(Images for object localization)

>>

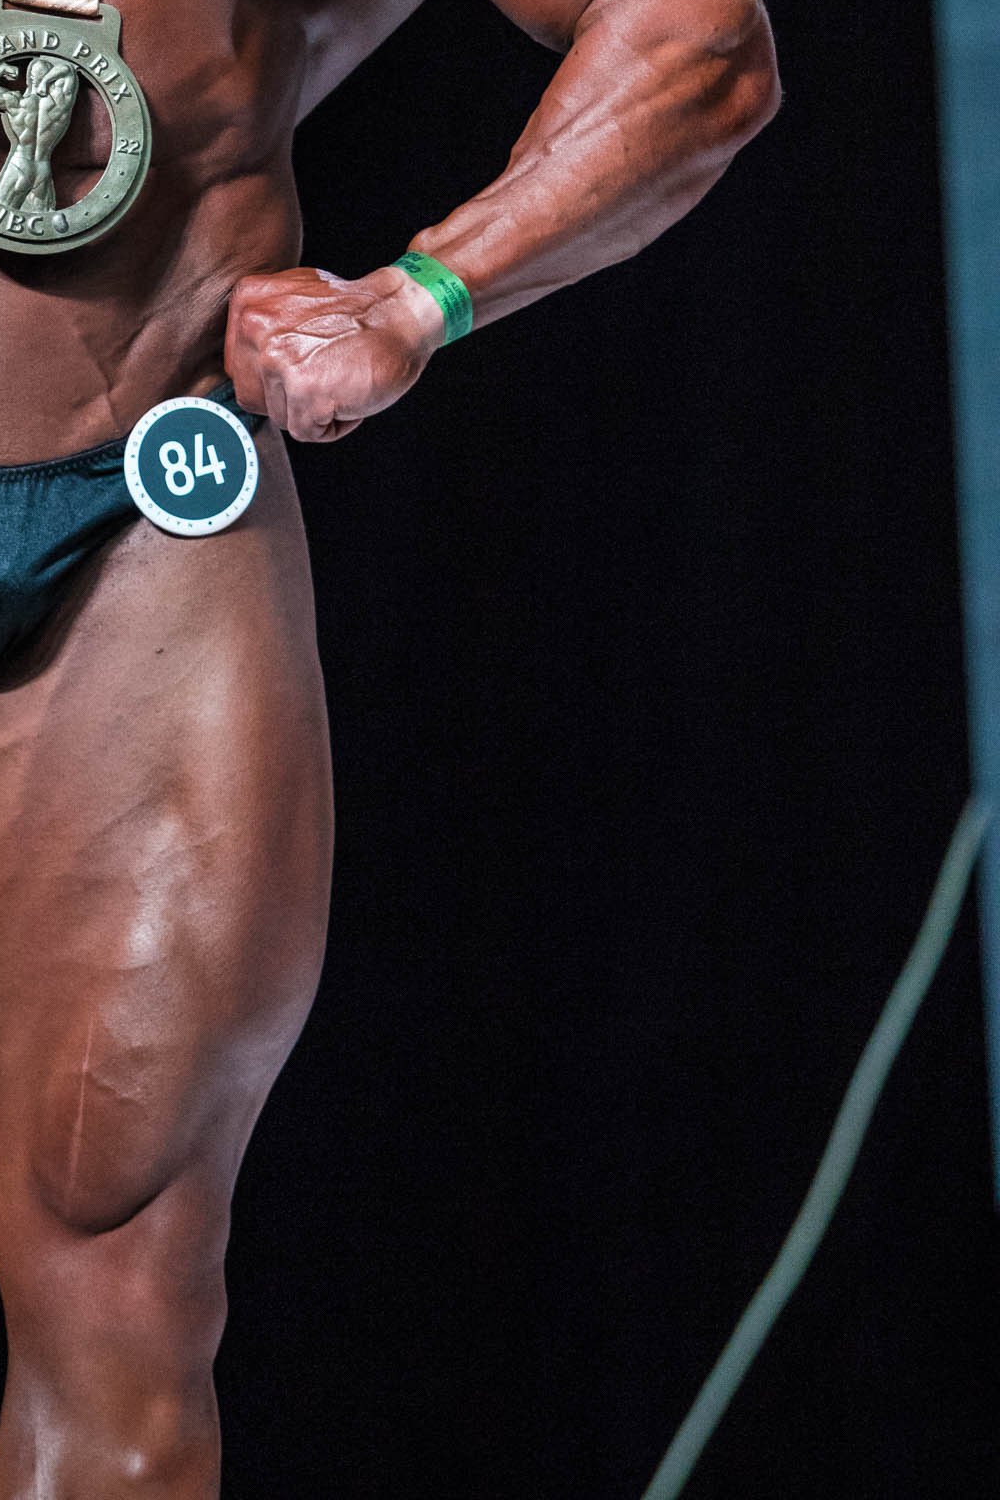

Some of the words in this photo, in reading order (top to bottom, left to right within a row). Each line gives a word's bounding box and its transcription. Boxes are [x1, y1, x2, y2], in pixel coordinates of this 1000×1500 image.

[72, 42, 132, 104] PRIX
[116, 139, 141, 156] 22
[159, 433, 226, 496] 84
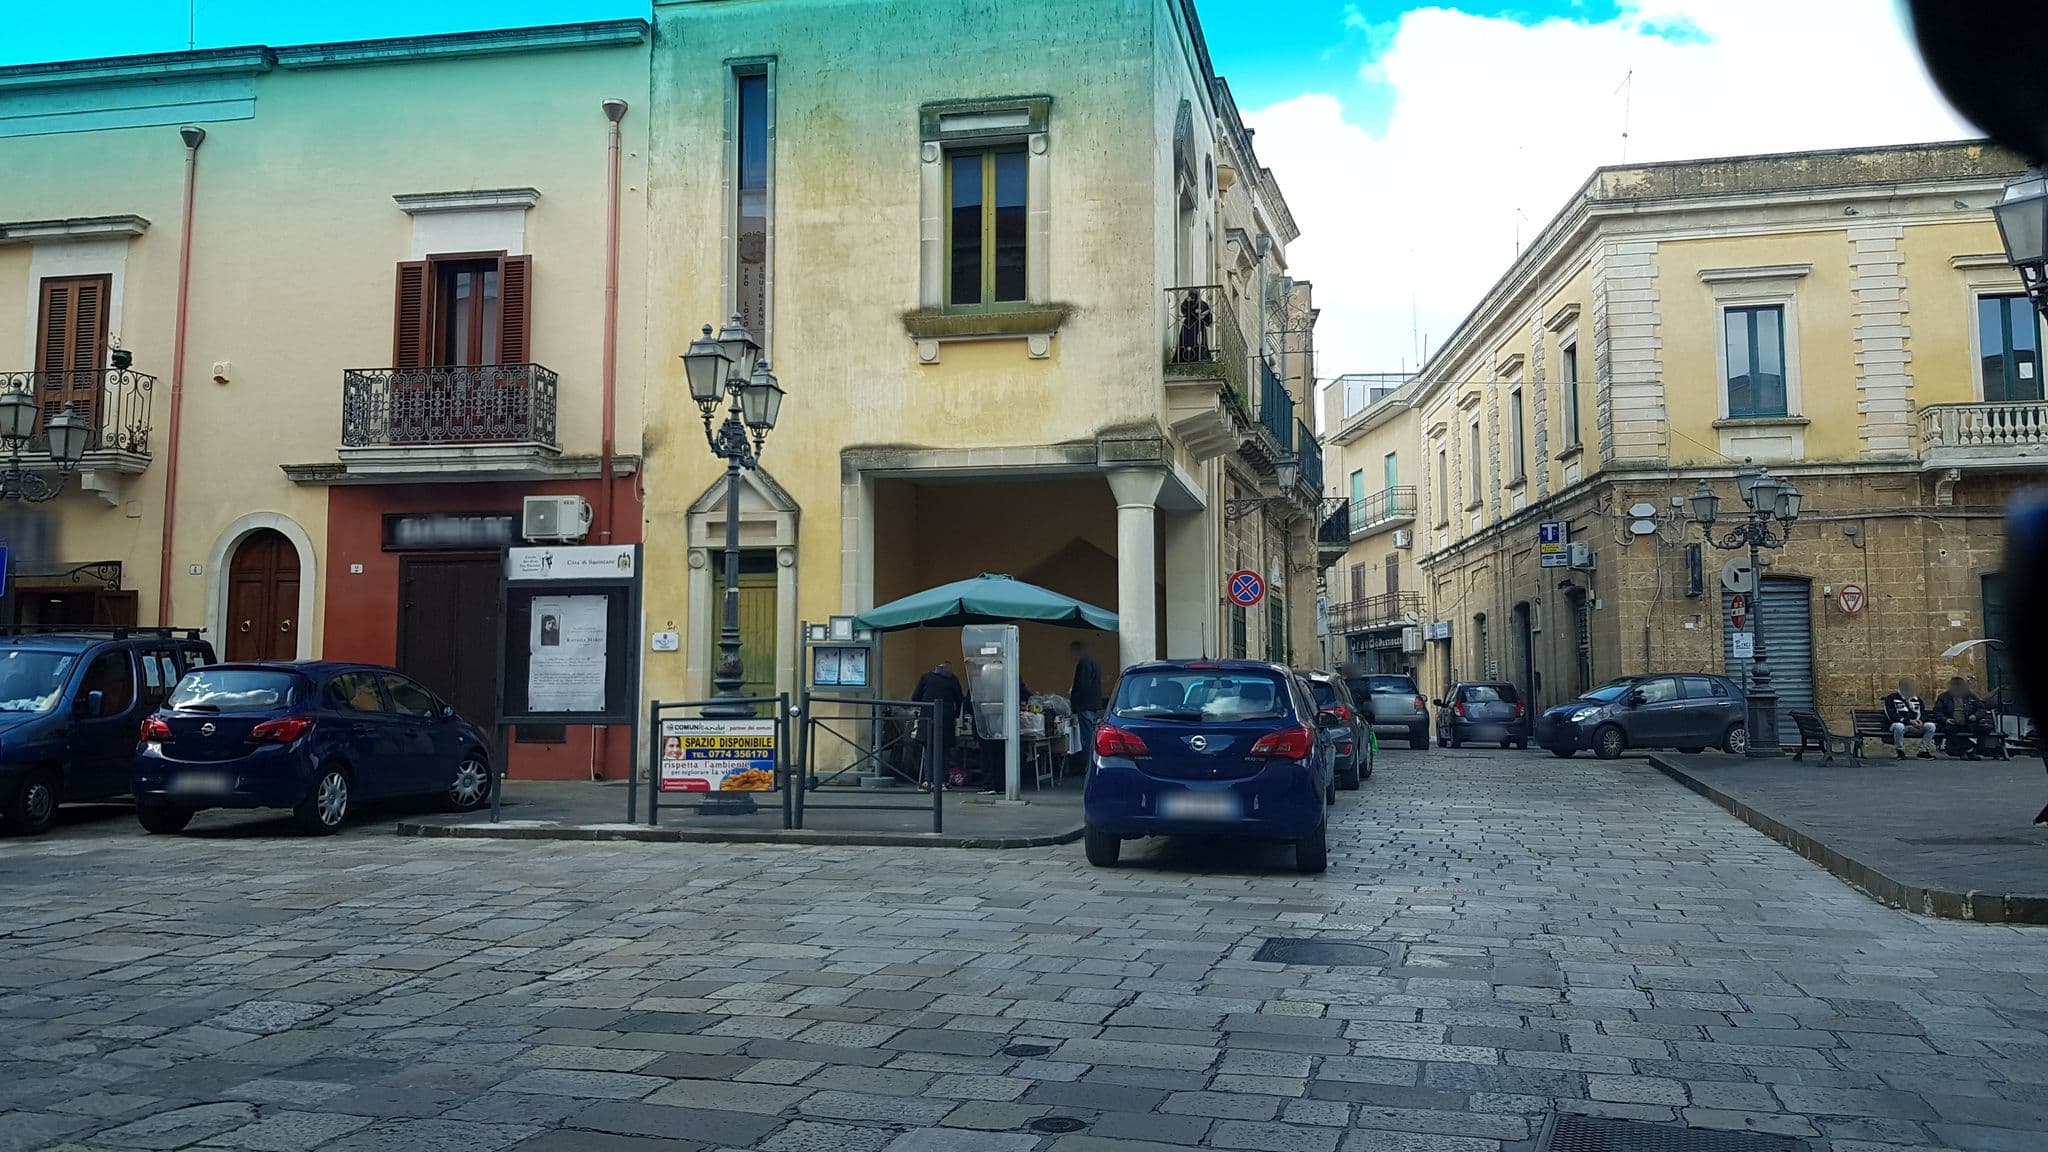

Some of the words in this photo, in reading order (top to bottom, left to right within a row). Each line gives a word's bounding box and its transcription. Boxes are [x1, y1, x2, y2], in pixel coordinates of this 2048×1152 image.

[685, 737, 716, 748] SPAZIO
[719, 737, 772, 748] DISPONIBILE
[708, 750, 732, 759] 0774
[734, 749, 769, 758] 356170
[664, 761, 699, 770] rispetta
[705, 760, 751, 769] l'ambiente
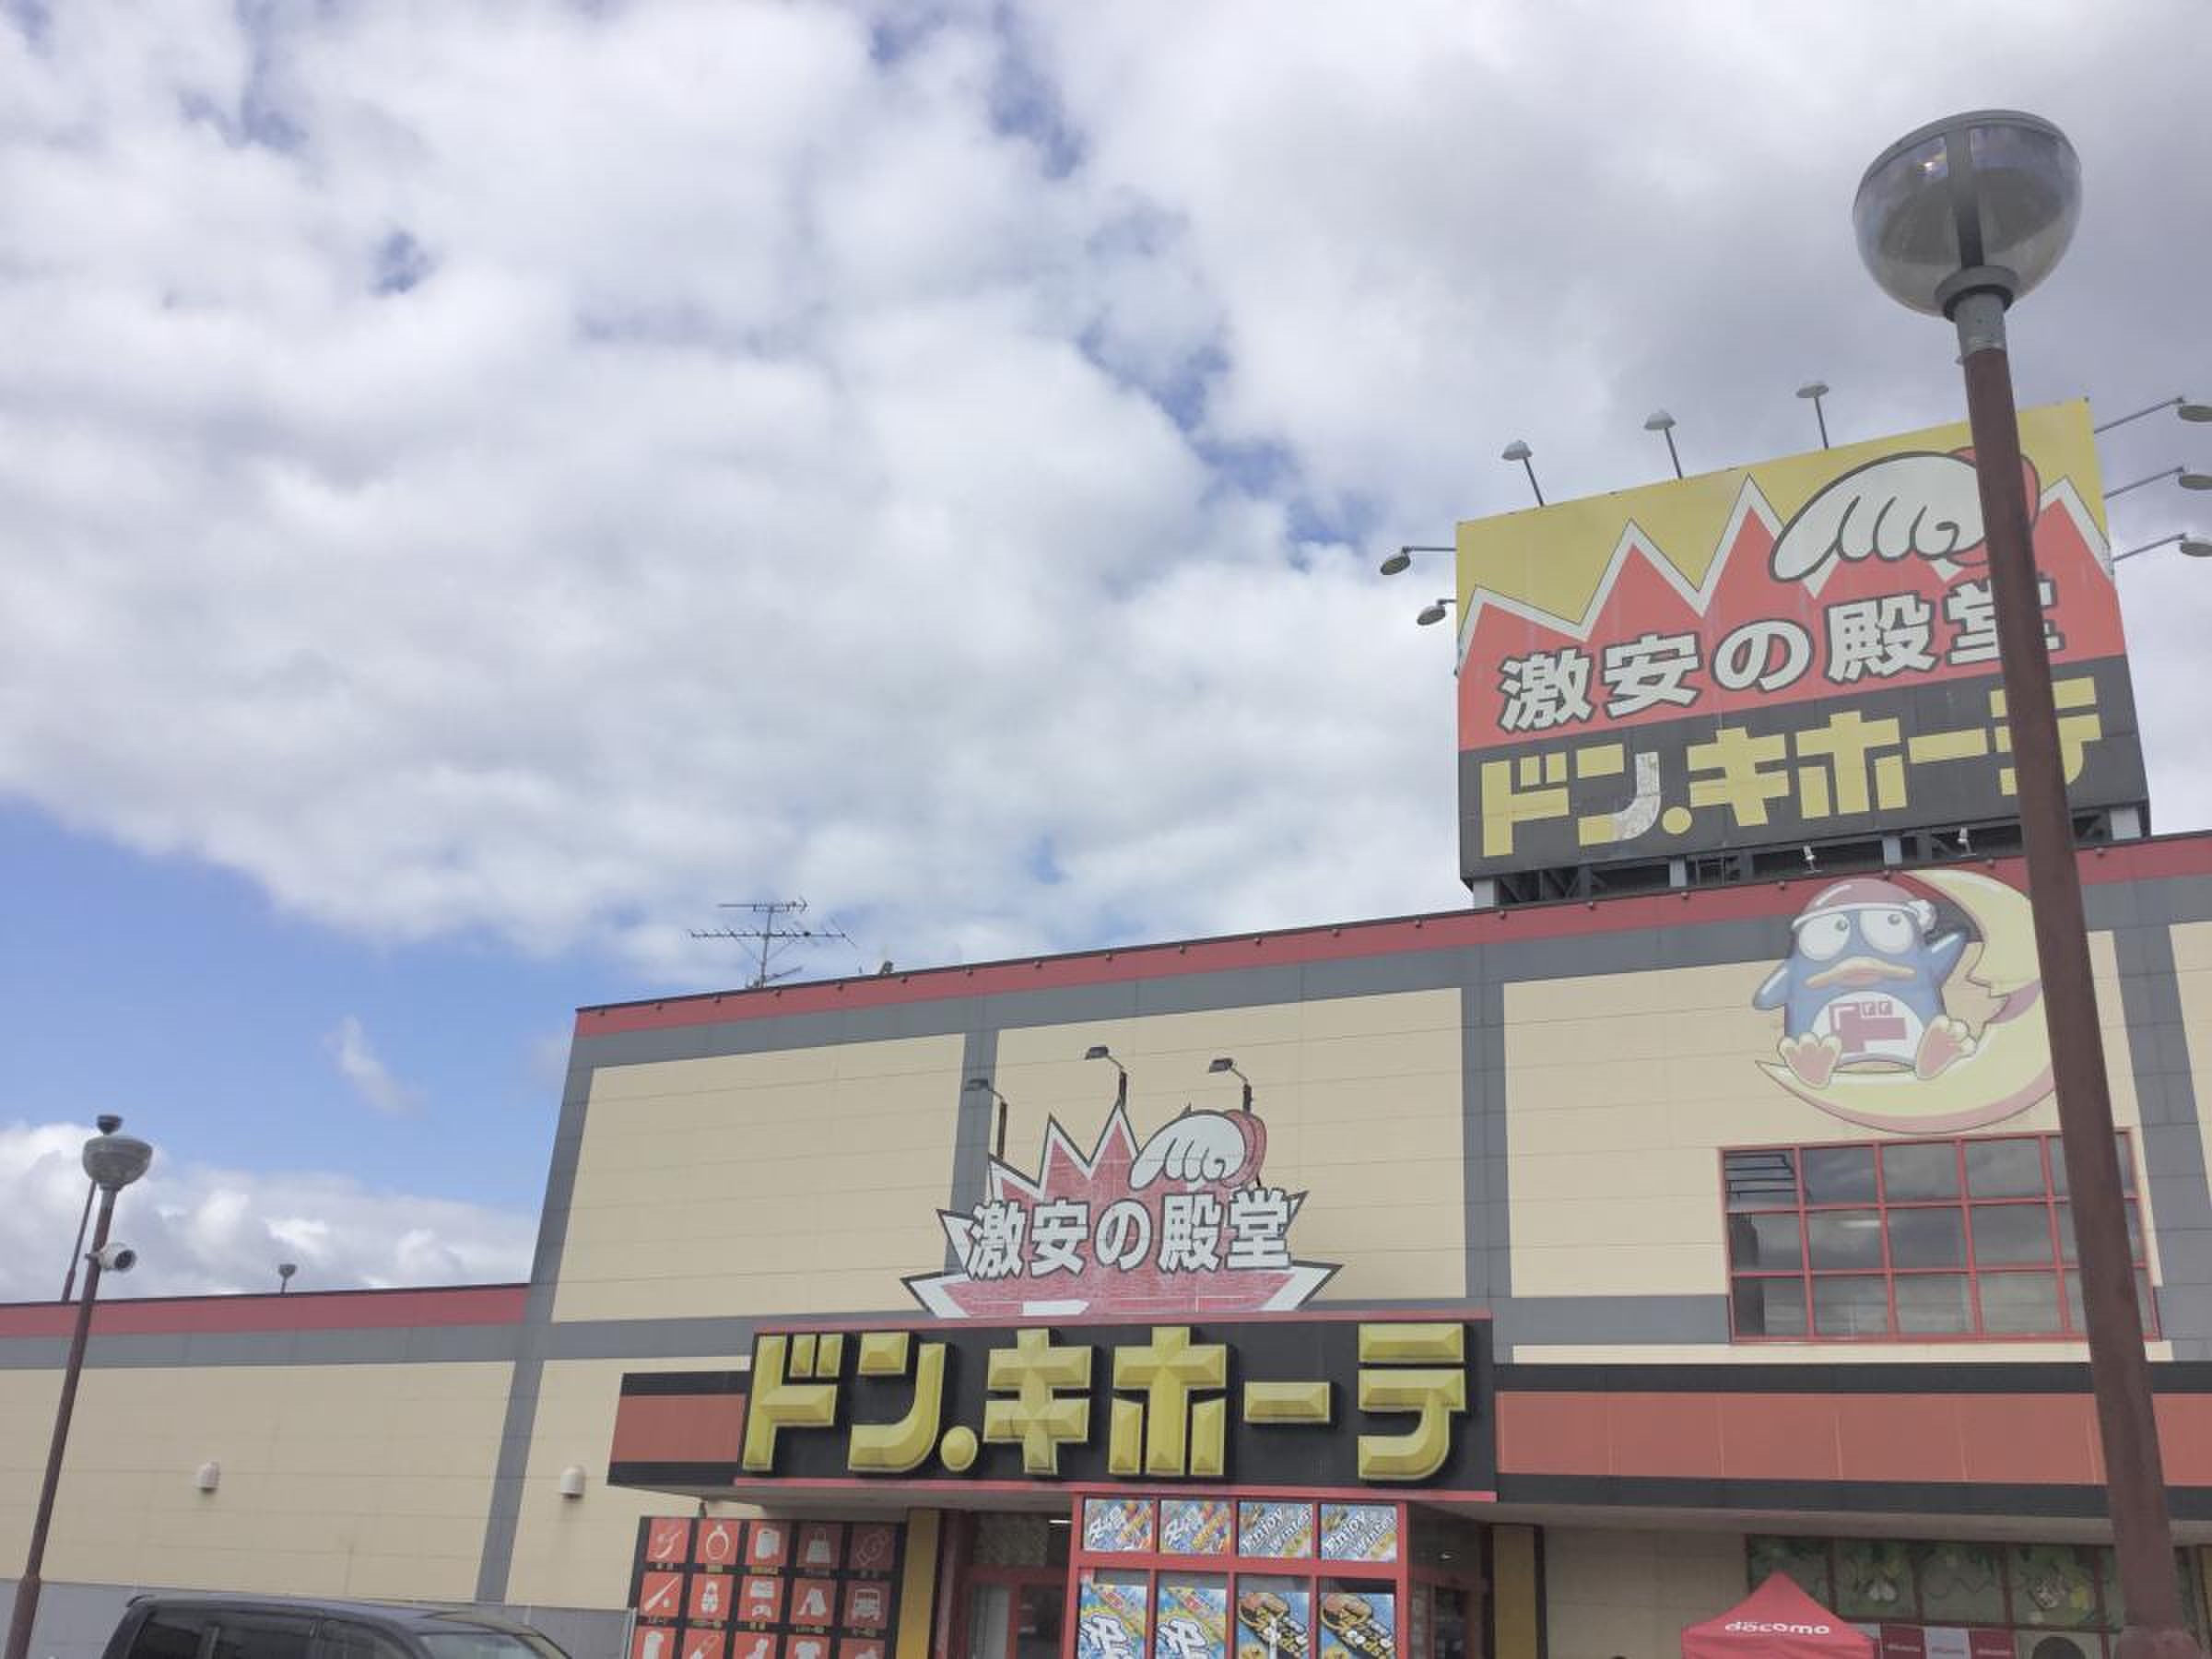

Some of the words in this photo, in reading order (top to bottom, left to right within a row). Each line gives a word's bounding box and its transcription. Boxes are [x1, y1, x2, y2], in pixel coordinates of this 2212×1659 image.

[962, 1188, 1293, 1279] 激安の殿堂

<<

_ABOUT THIS TASK_
Above are the records; repeat them exactly, omitting every picture.

_RESPONSE BELOW_
Some of the words in this photo, in reading order (top to bottom, left to right within a row). Each line gives a word's bounding box and its transcription. Boxes are [x1, y1, x2, y2], in pixel coordinates of this 1000×1500 image.

[72, 42, 132, 104] PRIX
[116, 139, 141, 156] 22
[159, 433, 226, 496] 84

Some of the words in this photo, in reading order (top to bottom, left to right within a row). Each line gives a word's bounding box and its transcription. Boxes are [x1, y1, x2, y2], in pixel coordinates of this 2048×1152 image.

[685, 737, 716, 748] SPAZIO
[719, 737, 772, 748] DISPONIBILE
[708, 750, 732, 759] 0774
[734, 749, 769, 758] 356170
[664, 761, 699, 770] rispetta
[705, 760, 751, 769] l'ambiente

Some of the words in this photo, in reading order (top to bottom, left to right within a row). Each line gives a word's bounding box and its transcription. Boxes are [x1, y1, x2, y2], in pixel coordinates of this 2212×1659 image.

[962, 1188, 1293, 1279] 激安の殿堂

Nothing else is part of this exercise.